Montgomery had reportedly sought production immunity from 18 different federal agencies before approaching Arpaio, which was initiated by then-billionaire businessman Tim Blixseth in 2012 as revealed on several audio-tapes played during court hearings two weeks ago.
Also in May, Snow denied Montgomery intervenor’s status in an attempt to protect his work product from disclosure.
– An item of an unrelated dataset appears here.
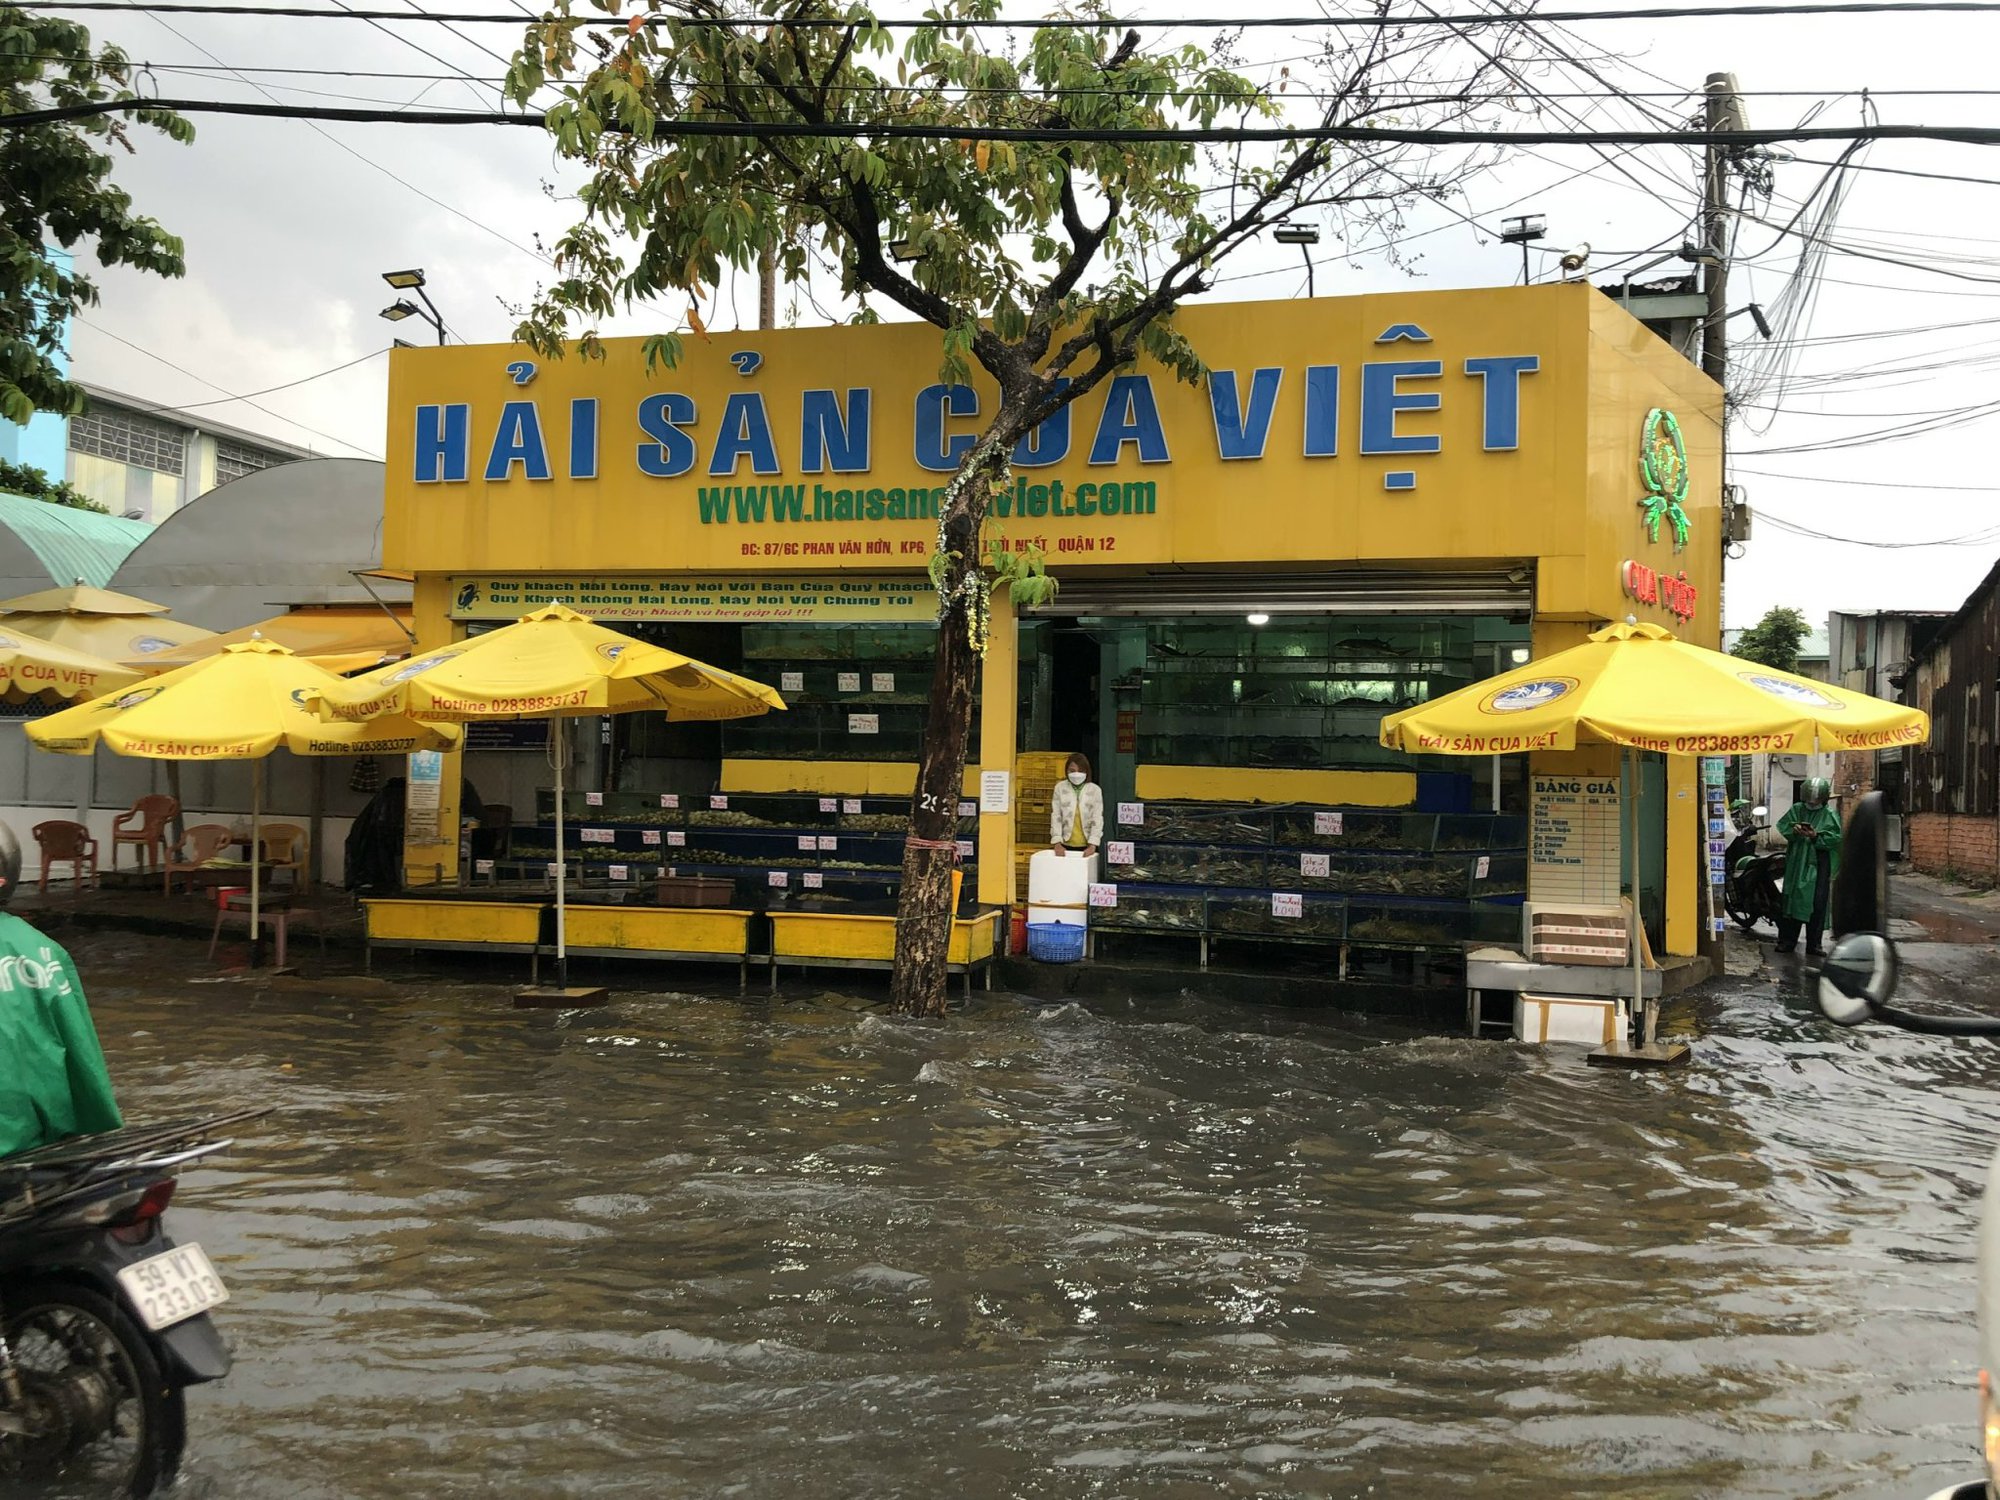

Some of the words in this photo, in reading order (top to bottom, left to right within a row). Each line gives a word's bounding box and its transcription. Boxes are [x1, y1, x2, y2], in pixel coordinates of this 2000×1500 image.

Zullo and Arpaio were ordered to produce all documentation associated with Montgomery’s research for the sheriff’s office.
After turning over audio-tapes and other documentation to Arpaio’s attorneys, Zullo attempted to invoke privilege over 87 exhibits, which Snow also denied in addition to a motion filed by Zullo for a 30-day extension to allow him time to retain an attorney.
Ultimately, Zullo, termed a “key witness” in the “Seattle investigation” involving Montgomery, was not able to retain counsel and invoked his Fifth Amendment right through two depositions and two hearings on November 10 and 12, respectively. However, during the afternoon session on November 12, Zullo reversed course and responded to questions from both Arpaio’s and plaintiffs’ attorneys, supporting the contention of four sheriff’s deputies and Arpaio that Snow had not been a subject of Montgomery’s investigation. Following Zullo’s testimony, which was at times emotionally-charged, no local reporter interviewed him. They have, however, interviewed plaintiffs’ attorneys.
According to Atty. Larry Klayman, who now represents Montgomery in a defamation lawsuit filed against New York Times writer and author James Risen and his publisher, Montgomery had approached the ACLU with the same information about data-harvesting he later revealed to Arpaio. ACLU attorneys did not disclose in court that Montgomery had once been their client but have not denied the claim.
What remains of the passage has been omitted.